Does Connecticut Need Tolls?

April 25, 2019

There is no disagreement that many of our roads and bridges, as well as our entire transportation system, are in disrepair and outdated.

Upgrading our aging transportation infrastructure is critical to our future economy, and a longstanding top priority of our business community.

Our challenge is that the state’s Special Transportation Fund will run out of money in just five years. So, how do we pay for these necessary improvements when both gasoline tax revenue and federal funding is in decline, and DOT estimates an additional $800 million per year is needed to maintain our infrastructure.

There are basically three options:

  • Drastically raise the gasoline tax by at least 54 cents per gallon. It is currently 25 cents per gallon, reduced from 39 cents 20 years ago and has remained unchanged since then. This option would be paid for predominantly by Connecticut drivers.
  • Put the entire tab on the state’s credit card as Republicans have proposed. Every $800 million added to our long term debt will cost $1.2 billion with interest, and, Connecticut taxpayers will pay 100% of the bill.
  • Implement a modern electronic toll system like every other state along the eastern seaboard has done. With 30-40% of highway traffic from out of state, combined with CT driver discounts via EZPass and commuter cards, about 40% of the total cost will be picked up by out of state drivers.

This isn’t simply about whether someone wants tolls or is against them. This is about what is the best way to fix our aging and outdated transportation infrastructure. In other words, what is the most sustainable plan and fairest to taxpayers.

A recent editorial in The Day encourages us to push past Republican political posturing and adopt a toll plan.

The Republican plan will increase borrowing by $700 million per year. Their borrowing proposal, plain and simple, will result in an income tax increase. In addition, their credit-card borrowing would cause our bond rating to plummet, making every transportation project more expensive to finance.

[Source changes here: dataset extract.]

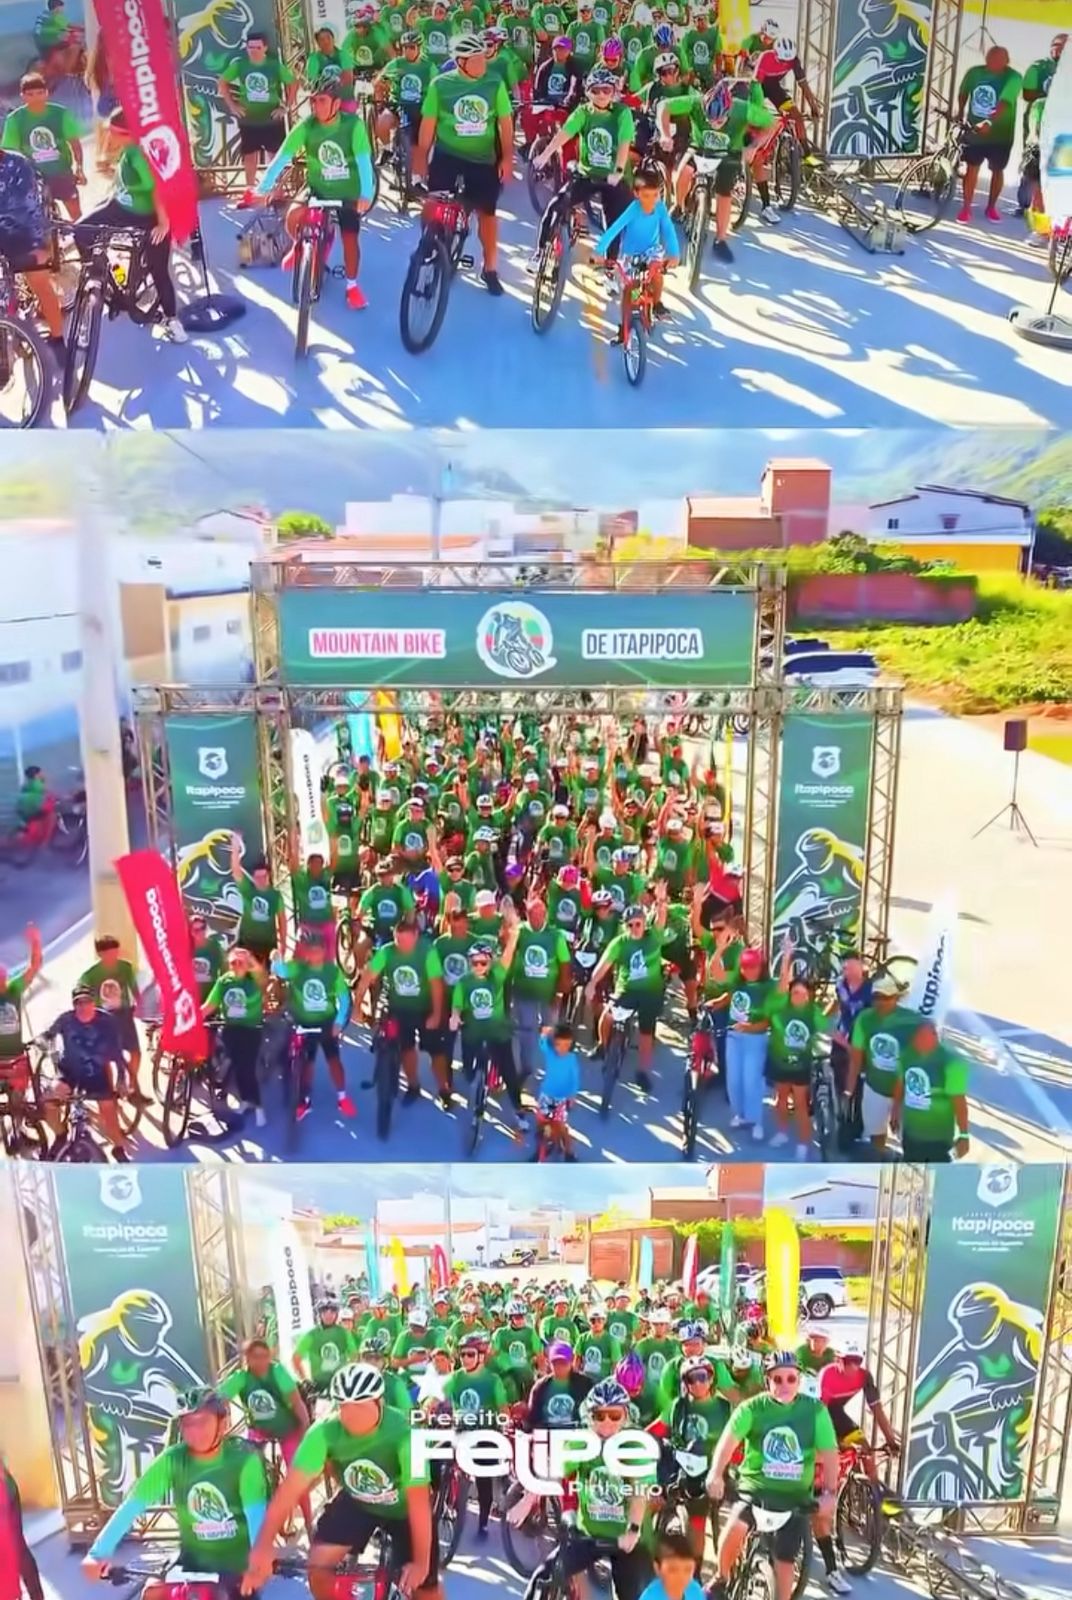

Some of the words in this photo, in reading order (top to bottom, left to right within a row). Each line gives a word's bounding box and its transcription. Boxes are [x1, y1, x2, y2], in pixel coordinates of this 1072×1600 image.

Here is what is on the table for tolls:

  • 40% of the revenue from tolls will be paid by out-of-state drivers
  • Toll gantries on I-84, I-95, I-91 and the Merritt Pkwy
  • Gantries will be located every 6-7 miles and frequent commuters and CT residents will get discounts
  • Tolls will be less than 5 cents-per-mile
  • No more than 50 gantries in total
  • Revenues from tolls will be exclusively used on transportation projects

Under a toll system, an $800 million investment in our infrastructure would cost Connecticut drivers less than $500 million, far less than the $1.2 billion state taxpayers would pay under the Republican borrowing scheme. This is one of the reasons the Connecticut Conference of Municipalities and many business leaders support tolls to fund our growing infrastructure needs.

Some question whether all the money raised from tolls would actually go to transportation. Keep in mind that not only did voters overwhelmingly approve a “Transportation Funding Lockbox” last November, but Federal law requires all toll revenue to go to roads.

I believe it isn’t fair to Connecticut taxpayers that we provide a freeway to the large amount of out-of-state traffic that passes through here, while all of us pay every time we cross into surrounding states.

I also believe a modern toll system will allow us to better connect our economic hubs, improve our road and mass transit infrastructure, help attract new businesses, and create thousands of good paying construction jobs throughout our state.

It’s time to stop the scare tactics. The plan we are considering today is realistic and doesn’t place the burden solely on Connecticut taxpayers.

Let’s continue to have our conversations, but let’s agree to do what is right in order to keep Connecticut growing and moving in the right direction.